Reproduce, with no edits, the line that contains "this 1920×1080 image." and all the lines that follow it, ending with the last line of the records.

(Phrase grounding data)
^^^^^^^^

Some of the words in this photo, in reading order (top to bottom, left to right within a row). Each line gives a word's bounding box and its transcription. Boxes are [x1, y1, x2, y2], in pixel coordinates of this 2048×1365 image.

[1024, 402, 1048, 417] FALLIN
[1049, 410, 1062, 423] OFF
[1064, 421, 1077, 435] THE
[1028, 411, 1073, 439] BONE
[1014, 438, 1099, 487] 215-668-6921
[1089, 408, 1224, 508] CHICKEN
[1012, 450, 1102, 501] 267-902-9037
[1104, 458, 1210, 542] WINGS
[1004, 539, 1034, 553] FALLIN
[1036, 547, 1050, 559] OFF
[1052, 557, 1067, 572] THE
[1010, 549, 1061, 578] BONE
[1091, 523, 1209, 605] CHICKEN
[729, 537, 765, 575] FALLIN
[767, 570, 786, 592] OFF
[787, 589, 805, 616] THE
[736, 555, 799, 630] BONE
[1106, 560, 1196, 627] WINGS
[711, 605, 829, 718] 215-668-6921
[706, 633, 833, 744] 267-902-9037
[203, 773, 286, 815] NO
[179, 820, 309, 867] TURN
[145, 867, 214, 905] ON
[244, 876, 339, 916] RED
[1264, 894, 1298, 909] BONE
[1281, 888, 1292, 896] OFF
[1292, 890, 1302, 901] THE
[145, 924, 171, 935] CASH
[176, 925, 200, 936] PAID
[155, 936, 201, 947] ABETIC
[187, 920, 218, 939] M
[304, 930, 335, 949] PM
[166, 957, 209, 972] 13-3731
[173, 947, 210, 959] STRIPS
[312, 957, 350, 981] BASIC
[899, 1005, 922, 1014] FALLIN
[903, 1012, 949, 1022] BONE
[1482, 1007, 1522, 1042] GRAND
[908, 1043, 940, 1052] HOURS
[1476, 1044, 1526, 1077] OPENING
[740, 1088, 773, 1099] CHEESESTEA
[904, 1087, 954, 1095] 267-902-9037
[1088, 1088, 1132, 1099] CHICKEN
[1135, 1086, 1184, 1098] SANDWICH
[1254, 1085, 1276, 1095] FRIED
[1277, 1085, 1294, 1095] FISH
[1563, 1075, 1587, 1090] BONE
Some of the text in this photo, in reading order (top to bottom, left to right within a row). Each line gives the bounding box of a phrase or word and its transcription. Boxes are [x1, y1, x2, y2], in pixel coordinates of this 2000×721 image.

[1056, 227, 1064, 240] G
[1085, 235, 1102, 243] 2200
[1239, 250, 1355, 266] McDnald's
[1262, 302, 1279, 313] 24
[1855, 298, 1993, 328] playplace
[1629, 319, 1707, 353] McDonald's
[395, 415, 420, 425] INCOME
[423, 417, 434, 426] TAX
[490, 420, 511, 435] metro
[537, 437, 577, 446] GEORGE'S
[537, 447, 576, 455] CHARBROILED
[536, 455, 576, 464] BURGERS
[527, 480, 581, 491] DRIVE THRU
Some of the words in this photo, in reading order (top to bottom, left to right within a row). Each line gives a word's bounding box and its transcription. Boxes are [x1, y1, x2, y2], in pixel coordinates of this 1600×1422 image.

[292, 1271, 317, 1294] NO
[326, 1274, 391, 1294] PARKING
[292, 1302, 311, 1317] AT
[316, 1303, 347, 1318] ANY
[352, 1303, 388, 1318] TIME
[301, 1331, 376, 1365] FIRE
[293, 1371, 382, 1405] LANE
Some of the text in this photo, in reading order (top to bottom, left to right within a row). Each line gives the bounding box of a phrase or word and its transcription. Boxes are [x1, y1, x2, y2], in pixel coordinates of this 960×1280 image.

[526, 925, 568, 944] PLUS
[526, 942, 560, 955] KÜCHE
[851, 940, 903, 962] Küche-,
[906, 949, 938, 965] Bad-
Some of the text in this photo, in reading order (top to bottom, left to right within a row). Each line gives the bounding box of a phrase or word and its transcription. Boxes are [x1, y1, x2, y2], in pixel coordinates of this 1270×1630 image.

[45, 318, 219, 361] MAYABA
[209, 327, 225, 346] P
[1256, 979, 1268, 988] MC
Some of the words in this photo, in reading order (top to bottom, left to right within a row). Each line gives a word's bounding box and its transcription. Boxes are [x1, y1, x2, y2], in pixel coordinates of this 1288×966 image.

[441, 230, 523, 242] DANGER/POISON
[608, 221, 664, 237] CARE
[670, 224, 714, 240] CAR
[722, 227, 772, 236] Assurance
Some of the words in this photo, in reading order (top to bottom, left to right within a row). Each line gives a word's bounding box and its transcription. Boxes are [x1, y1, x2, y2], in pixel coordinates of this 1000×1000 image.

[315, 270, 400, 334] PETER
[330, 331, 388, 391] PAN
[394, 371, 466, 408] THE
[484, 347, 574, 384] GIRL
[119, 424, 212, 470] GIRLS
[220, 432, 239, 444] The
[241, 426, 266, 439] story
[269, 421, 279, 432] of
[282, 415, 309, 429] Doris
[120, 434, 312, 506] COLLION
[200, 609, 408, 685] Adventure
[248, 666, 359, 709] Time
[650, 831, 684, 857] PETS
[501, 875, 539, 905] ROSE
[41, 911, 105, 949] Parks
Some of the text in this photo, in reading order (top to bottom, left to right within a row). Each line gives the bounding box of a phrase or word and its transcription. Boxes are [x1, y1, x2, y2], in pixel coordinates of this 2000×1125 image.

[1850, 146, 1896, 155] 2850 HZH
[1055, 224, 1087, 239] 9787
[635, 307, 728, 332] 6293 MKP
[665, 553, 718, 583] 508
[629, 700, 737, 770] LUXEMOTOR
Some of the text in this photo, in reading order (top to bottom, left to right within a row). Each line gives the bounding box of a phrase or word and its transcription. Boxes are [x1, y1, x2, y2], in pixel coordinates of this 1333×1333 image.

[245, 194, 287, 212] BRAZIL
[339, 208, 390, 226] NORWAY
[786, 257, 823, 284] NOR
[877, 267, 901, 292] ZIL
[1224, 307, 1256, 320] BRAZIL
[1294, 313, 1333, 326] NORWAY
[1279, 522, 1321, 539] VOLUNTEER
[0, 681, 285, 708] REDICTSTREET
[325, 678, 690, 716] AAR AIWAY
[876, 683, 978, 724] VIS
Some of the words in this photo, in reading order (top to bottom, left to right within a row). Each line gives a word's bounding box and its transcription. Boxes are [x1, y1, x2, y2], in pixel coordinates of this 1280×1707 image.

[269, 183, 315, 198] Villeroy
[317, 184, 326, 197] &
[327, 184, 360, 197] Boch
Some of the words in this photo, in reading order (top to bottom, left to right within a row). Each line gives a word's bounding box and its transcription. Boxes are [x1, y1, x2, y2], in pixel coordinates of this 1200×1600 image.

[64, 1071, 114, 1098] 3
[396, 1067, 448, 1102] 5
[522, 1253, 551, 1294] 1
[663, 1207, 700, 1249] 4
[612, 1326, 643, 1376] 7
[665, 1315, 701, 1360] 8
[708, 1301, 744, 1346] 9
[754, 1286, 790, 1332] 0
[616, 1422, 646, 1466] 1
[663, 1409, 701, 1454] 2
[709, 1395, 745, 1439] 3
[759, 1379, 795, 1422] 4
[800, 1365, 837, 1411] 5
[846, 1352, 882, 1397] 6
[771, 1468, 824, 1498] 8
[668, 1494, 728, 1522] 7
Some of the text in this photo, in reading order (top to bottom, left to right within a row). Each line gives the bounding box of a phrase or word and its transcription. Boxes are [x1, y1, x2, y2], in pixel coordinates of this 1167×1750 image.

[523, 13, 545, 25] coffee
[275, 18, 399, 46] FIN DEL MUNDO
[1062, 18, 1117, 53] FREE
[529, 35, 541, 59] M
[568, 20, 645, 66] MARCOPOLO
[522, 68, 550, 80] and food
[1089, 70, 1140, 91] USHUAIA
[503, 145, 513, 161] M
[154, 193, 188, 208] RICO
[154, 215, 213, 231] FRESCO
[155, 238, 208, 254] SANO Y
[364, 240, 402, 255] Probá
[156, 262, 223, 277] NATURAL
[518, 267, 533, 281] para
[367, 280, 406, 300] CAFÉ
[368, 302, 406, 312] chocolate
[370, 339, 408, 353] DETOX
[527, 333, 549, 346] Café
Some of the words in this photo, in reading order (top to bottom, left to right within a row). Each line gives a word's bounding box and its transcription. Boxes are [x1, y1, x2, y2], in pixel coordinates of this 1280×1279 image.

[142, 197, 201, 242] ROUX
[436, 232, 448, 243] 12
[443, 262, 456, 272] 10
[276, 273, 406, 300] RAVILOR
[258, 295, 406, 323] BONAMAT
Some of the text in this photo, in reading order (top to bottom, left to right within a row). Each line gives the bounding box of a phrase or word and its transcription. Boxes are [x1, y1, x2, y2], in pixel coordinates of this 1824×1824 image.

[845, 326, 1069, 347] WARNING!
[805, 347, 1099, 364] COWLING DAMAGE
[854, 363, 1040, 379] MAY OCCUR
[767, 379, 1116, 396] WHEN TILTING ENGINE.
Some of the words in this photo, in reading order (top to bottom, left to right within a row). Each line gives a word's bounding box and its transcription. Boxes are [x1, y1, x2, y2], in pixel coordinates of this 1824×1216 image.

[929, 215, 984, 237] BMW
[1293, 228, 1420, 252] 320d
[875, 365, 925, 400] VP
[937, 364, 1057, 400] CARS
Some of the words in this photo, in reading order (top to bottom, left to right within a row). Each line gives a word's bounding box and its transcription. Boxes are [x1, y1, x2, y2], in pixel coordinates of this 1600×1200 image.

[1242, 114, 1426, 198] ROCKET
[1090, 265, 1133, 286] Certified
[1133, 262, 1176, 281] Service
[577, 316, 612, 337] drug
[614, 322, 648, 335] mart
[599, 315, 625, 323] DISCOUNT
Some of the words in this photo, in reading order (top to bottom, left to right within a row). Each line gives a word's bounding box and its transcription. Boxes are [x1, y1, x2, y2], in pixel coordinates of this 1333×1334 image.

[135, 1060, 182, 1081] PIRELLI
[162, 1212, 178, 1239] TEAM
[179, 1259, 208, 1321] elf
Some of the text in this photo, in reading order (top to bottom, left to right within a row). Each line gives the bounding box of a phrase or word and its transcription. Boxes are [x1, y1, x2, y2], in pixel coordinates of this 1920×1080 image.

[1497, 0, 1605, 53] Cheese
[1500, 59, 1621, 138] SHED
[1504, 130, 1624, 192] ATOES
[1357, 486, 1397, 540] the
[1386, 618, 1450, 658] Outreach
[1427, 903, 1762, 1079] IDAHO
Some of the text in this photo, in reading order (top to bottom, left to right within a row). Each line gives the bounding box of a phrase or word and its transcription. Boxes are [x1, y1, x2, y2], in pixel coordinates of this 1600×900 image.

^^^^^^^^

## TASK OUTPUT
Some of the text in this photo, in reading order (top to bottom, left to right within a row). Each line gives the bounding box of a phrase or word and its transcription. Boxes are [x1, y1, x2, y2], in pixel coordinates of this 1920×1080 image.

[1497, 0, 1605, 53] Cheese
[1500, 59, 1621, 138] SHED
[1504, 130, 1624, 192] ATOES
[1357, 486, 1397, 540] the
[1386, 618, 1450, 658] Outreach
[1427, 903, 1762, 1079] IDAHO
Some of the text in this photo, in reading order (top to bottom, left to right within a row). Each line gives the bounding box of a phrase or word and its transcription. Boxes are [x1, y1, x2, y2], in pixel coordinates of this 1600×900 image.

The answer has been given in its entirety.